:: SOURCE RECORDS

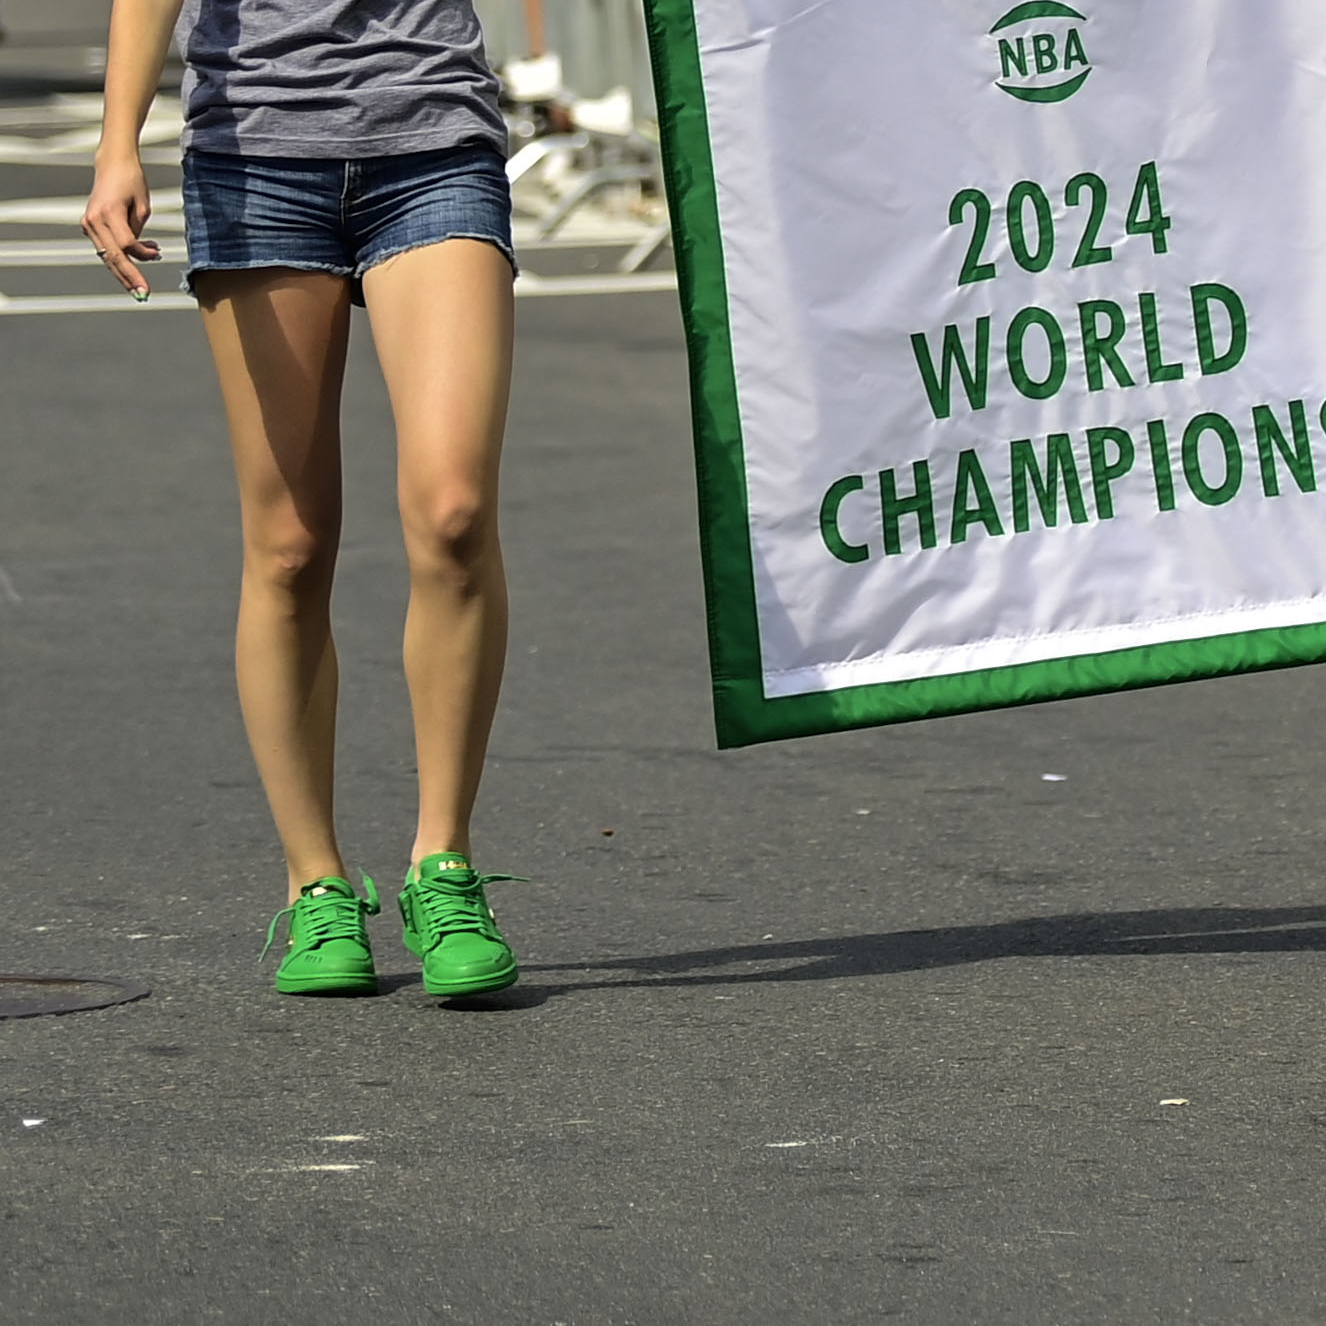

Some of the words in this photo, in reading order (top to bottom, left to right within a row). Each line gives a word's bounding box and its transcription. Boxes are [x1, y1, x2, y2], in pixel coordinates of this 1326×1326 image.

[998, 27, 1090, 78] NBA
[947, 161, 1171, 286] 2024
[910, 282, 1248, 419] WORLD
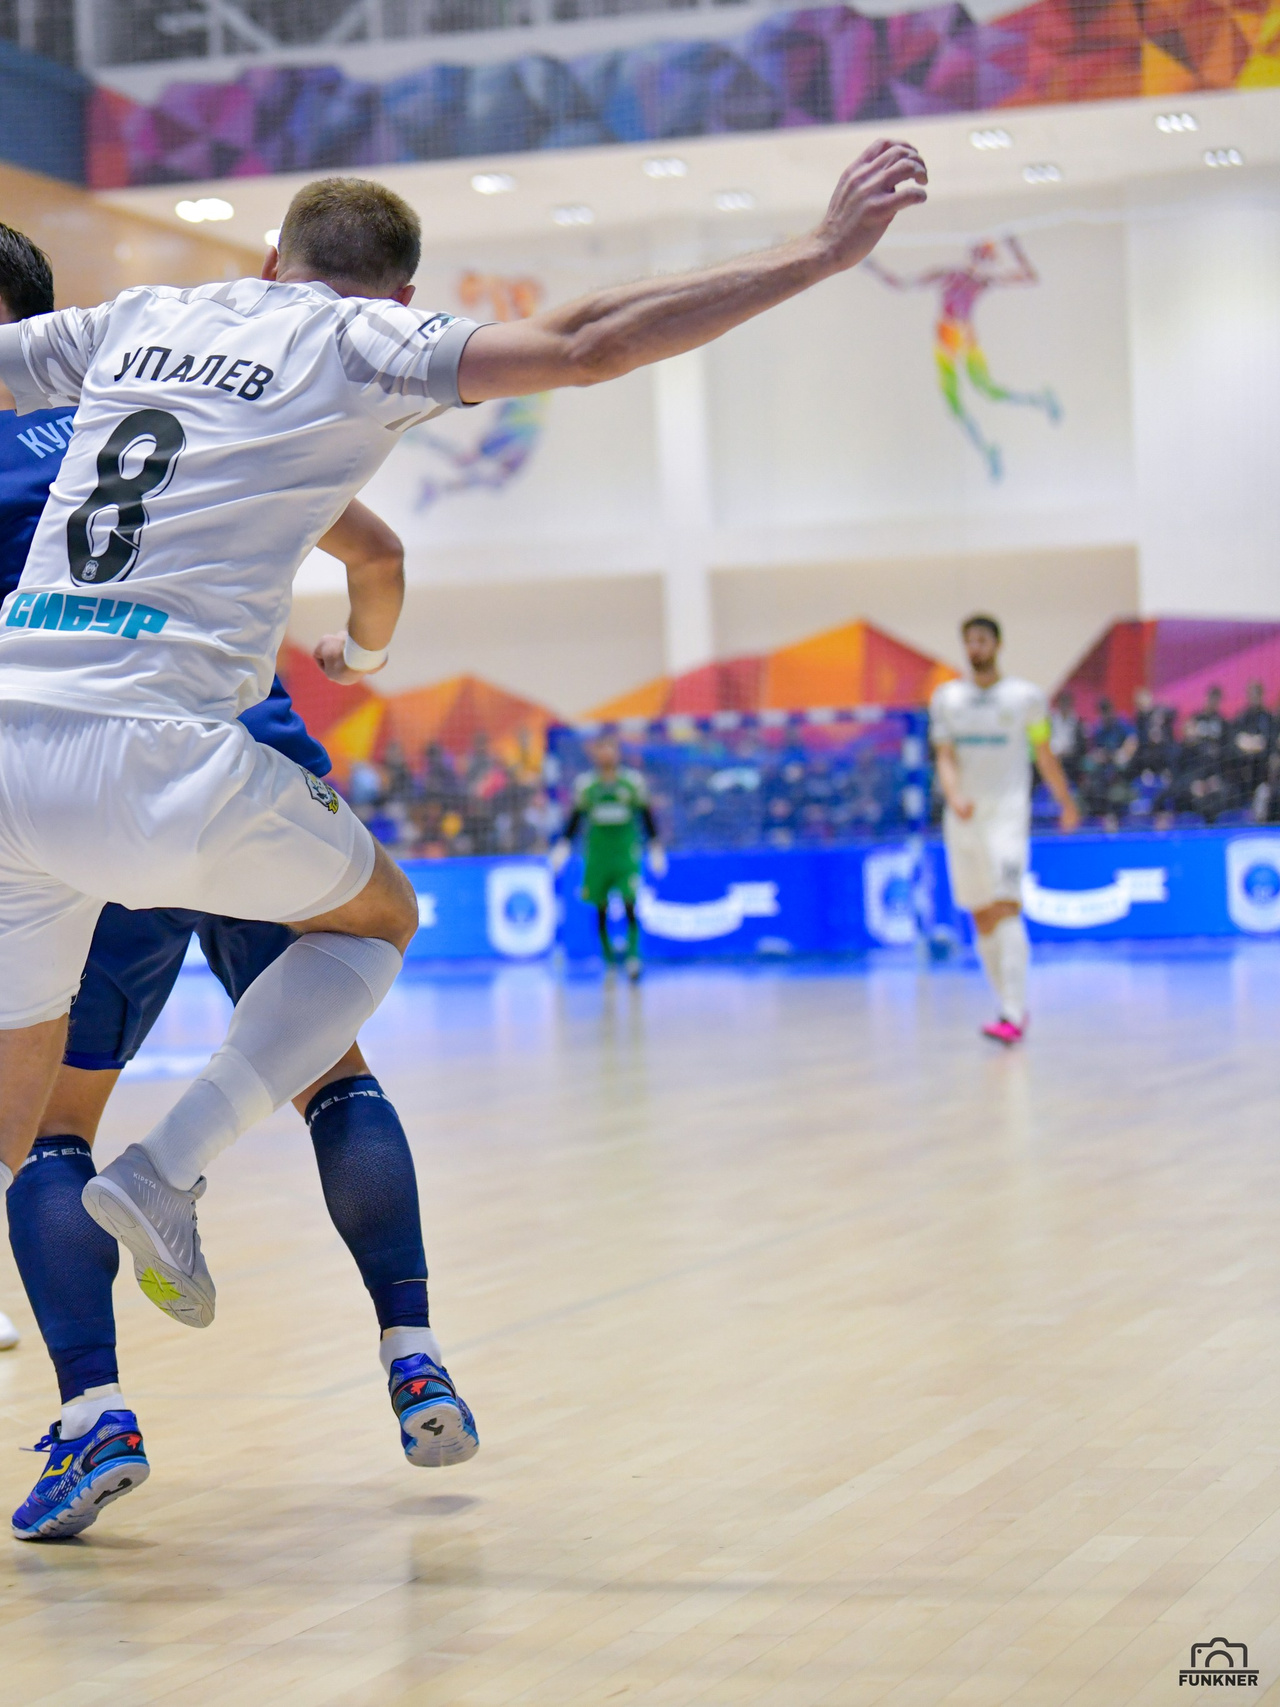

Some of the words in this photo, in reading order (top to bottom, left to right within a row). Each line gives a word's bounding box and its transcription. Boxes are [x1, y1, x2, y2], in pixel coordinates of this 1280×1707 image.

[114, 346, 274, 401] УПАЛЕВ
[67, 409, 186, 587] 8
[6, 593, 169, 640] СИБУР
[310, 1090, 381, 1121] KELME
[132, 1172, 156, 1190] KIPSTA
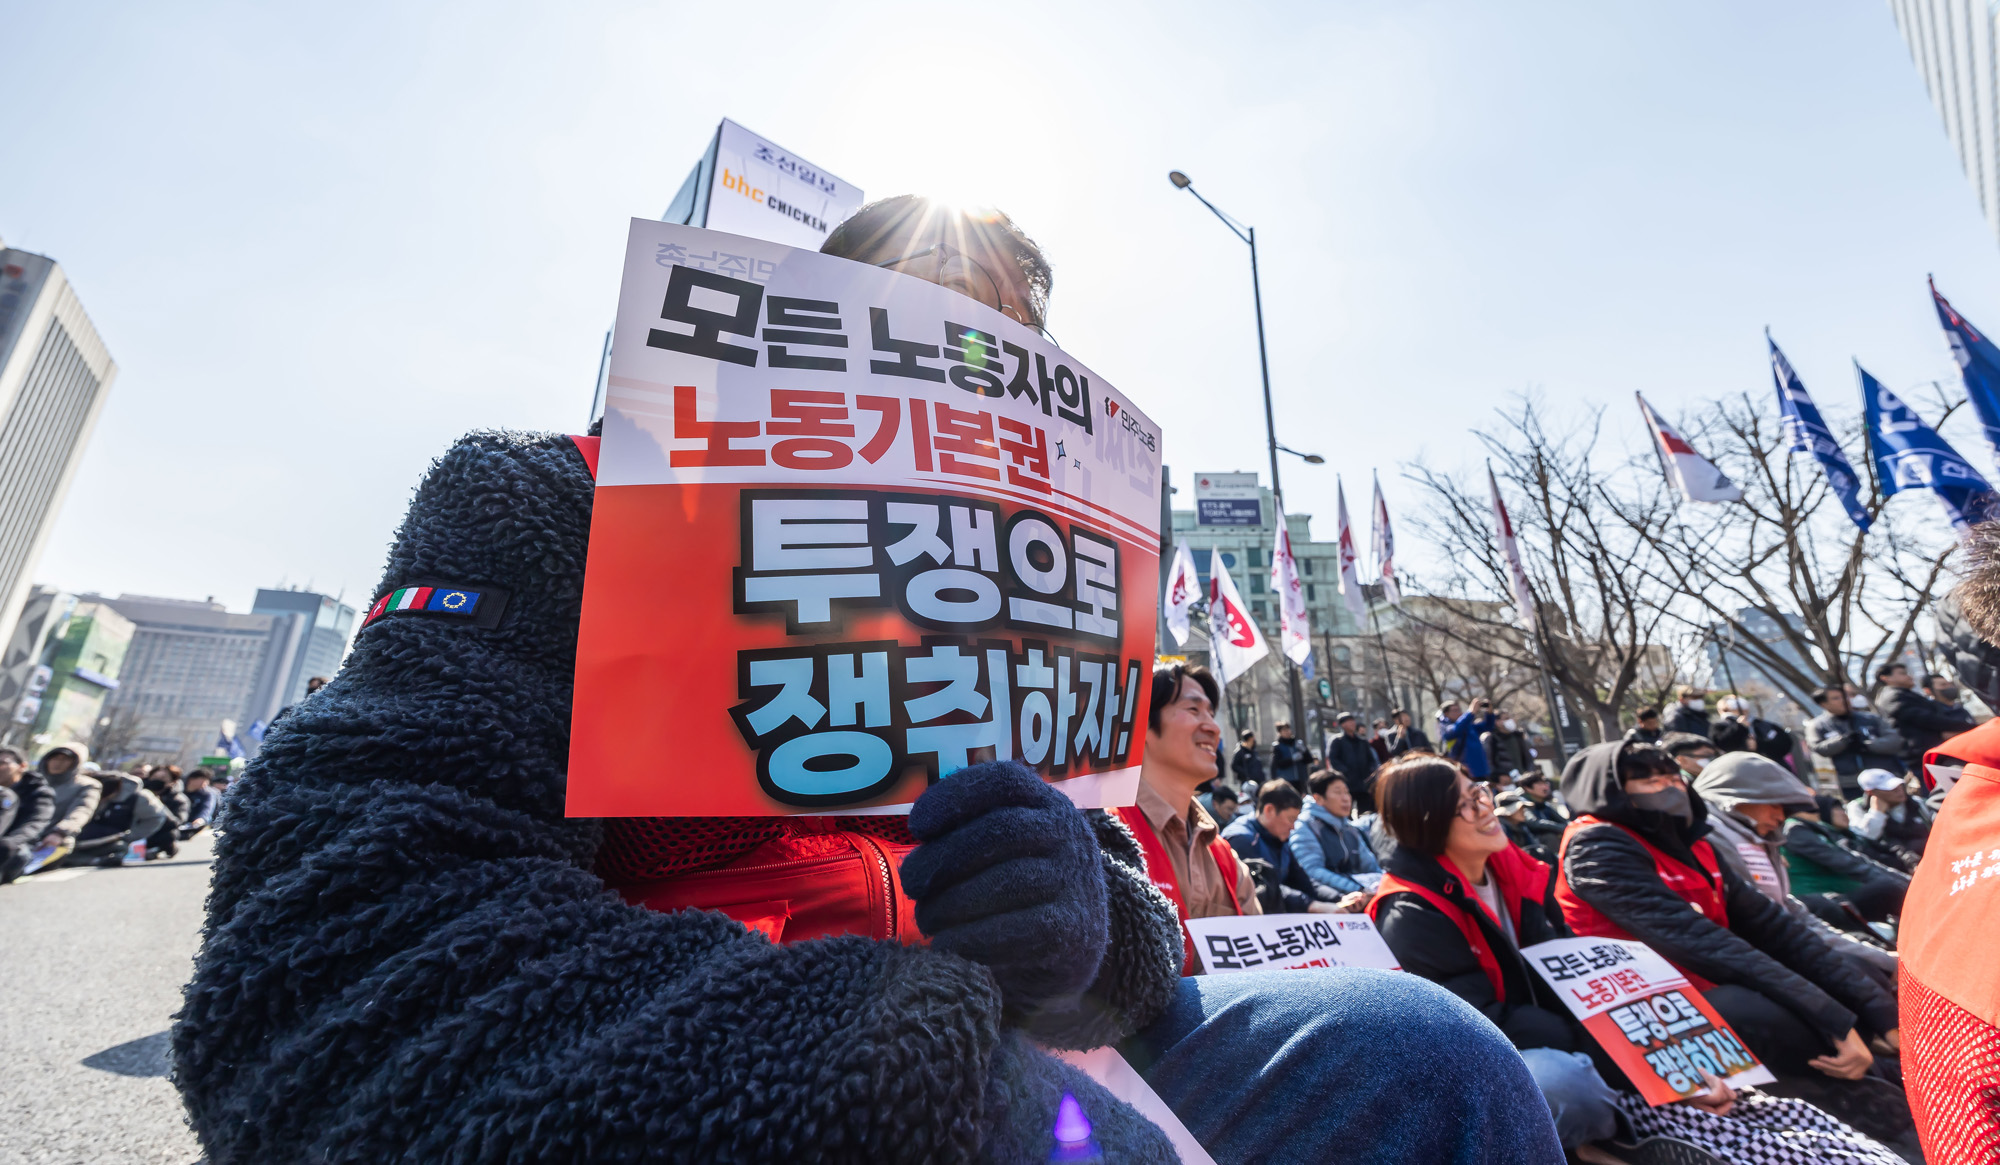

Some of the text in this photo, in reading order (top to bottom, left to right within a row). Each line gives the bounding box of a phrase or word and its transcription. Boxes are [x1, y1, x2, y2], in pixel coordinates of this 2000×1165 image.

::::

EXERCISE DIRECTIONS: No pictures belong in the copy. Transcribe every entry exactly.

ANSWER FOR THE TASK:
Some of the words in this photo, in reading order (top to bottom, left to right within a row). Each line gives a word's bounding box and its transcription. Boxes are [x1, y1, x2, y2], in pixel coordinates of this 1326×1326 image.

[998, 27, 1090, 78] NBA
[947, 161, 1171, 286] 2024
[910, 282, 1248, 419] WORLD

Some of the words in this photo, in reading order (top to bottom, left to right within a row). Each line gives a word's bounding box and its transcription. Boxes are [x1, y1, x2, y2], in pixel coordinates of this 1280×1707 image.

[114, 346, 274, 401] УПАЛЕВ
[67, 409, 186, 587] 8
[6, 593, 169, 640] СИБУР
[310, 1090, 381, 1121] KELME
[132, 1172, 156, 1190] KIPSTA

Some of the text in this photo, in reading order (top to bottom, left to right within a row). Each line gives the bounding box of a phrase or word and its transcription. Boxes are [x1, y1, x2, y2], in pixel coordinates of this 2000×1165 image.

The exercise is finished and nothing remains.